Le Gabon affiche, en 2025, le ratio commerce/habitant le plus élevé du continent face à la Chine. Avec 3,94 milliards dollars d’échanges cumulés sur l’année pour une population d’environ 2,3 millions d’habitants, le pays enregistre une intensité commerciale proche de 1 700 dollars par tête, largement devant l’Angola (~580 dollars), la RDC (~245 dollars) ou le Cameroun (~170 dollars), pourtant tous partenaires plus lourds en valeur absolue.
Ce chiffre ne traduit pas une économie diversifiée qui commerce plus, il traduit l’inverse : une rente minière et forestière extrêmement concentrée, rapportée à une population réduite. Le manganèse porté par Comilog et le bois transformé constituent l’essentiel du flux vers la Chine, avec un excédent commercial gabonais de 2,43 milliards dollars sur l’année, en progression de 8,3% par rapport à 2024. Les achats chinois au Gabon (3,19 milliards de dollars) croissent d’ailleurs plus vite (+9,3%) que les ventes chinoises au pays (+751 millions de dollars, +4,2%), confirmant un mouvement de fond : le Gabon devient un fournisseur structurel de plus en plus indispensable à la chaîne industrielle chinoise, sans que la réciproque progresse au même rythme.

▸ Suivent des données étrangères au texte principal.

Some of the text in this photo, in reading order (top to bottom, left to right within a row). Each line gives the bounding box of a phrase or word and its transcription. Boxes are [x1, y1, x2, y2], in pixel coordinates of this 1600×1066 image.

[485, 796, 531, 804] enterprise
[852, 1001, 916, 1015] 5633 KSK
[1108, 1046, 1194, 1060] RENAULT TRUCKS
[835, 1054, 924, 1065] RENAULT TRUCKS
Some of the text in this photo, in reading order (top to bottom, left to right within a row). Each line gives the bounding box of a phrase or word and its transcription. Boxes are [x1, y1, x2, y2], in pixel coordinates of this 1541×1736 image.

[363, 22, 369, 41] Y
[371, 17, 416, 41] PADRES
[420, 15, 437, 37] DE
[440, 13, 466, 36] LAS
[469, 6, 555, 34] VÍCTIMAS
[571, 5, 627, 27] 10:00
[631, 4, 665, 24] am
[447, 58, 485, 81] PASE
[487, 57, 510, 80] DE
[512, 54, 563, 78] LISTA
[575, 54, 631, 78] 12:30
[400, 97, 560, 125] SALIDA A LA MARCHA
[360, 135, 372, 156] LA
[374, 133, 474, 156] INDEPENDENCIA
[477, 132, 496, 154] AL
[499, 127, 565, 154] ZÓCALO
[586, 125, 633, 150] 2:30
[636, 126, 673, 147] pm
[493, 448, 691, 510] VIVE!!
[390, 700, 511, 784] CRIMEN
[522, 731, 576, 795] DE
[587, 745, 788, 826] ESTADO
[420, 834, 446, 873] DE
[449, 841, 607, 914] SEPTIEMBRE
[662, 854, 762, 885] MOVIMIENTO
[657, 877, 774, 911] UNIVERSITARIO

Ce ratio par habitant n’est pas qu’une curiosité statistique. Il mesure la sensibilité macroéconomique du pays à un seul flux : toute variation du prix du manganèse ou de la demande chinoise se répercute, par habitant, avec une force que peu d’économies africaines connaissent à ce niveau. La RDC, miroir régional d’une diversification que le Gabon n’a pas encore. À l’échelle de l’Afrique centrale, la comparaison la plus instructive n’est pas le Cameroun, dont le volume proche masque un poids démographique douze fois supérieur, mais la République démocratique du Congo.
Avec 26,74 milliards dollars d’échanges cumulés en 2025 avec la Chine, la RDC pèse 6,8 fois le volume gabonais, portée par le cobalt et le cuivre. L’écart illustre une divergence de trajectoire au sein même de l’Afrique centrale. La RDC a bâti, sur la dernière décennie, un portefeuille minier à plusieurs piliers (cobalt, cuivre, et dans une moindre mesure lithium et étain), qui la positionne au cœur des chaînes de valeur batteries et véhicules électriques.
Le Gabon reste sur un modèle mono-produit, manganèse et bois, sans diversification minière comparable, alors même que son sous-sol recèle d’autres ressources encore peu exploitées (fer de Belinga, potentiellement d’autres gisements dans la Ngounié et l’Ogooué). Le contraste est d’autant plus net que le Gabon dispose, par habitant, d’une capacité de négociation théoriquement supérieure à celle de la RDC face à Pékin, sa rente étant plus concentrée par tête et donc, en principe, plus facile à valoriser politiquement.
Mais cette capacité ne s’est pas encore traduite en diversification de l’offre exportée, ni en position de force dans la fixation des prix, Comilog restant preneur de prix sur un marché où les cours ont grimpé à un plus haut de dix-sept mois en ce début d’année 2026. Le protocole de transformation manganèse Eramet/Comilog signé à Paris le 20 juillet 2026 constitue, à cet égard, le premier test concret de la capacité du Gabon à capter davantage de valeur en aval, plutôt que de rester cantonné à l’exportation de minerai brut à l’image du modèle qui prévaut depuis des décennies.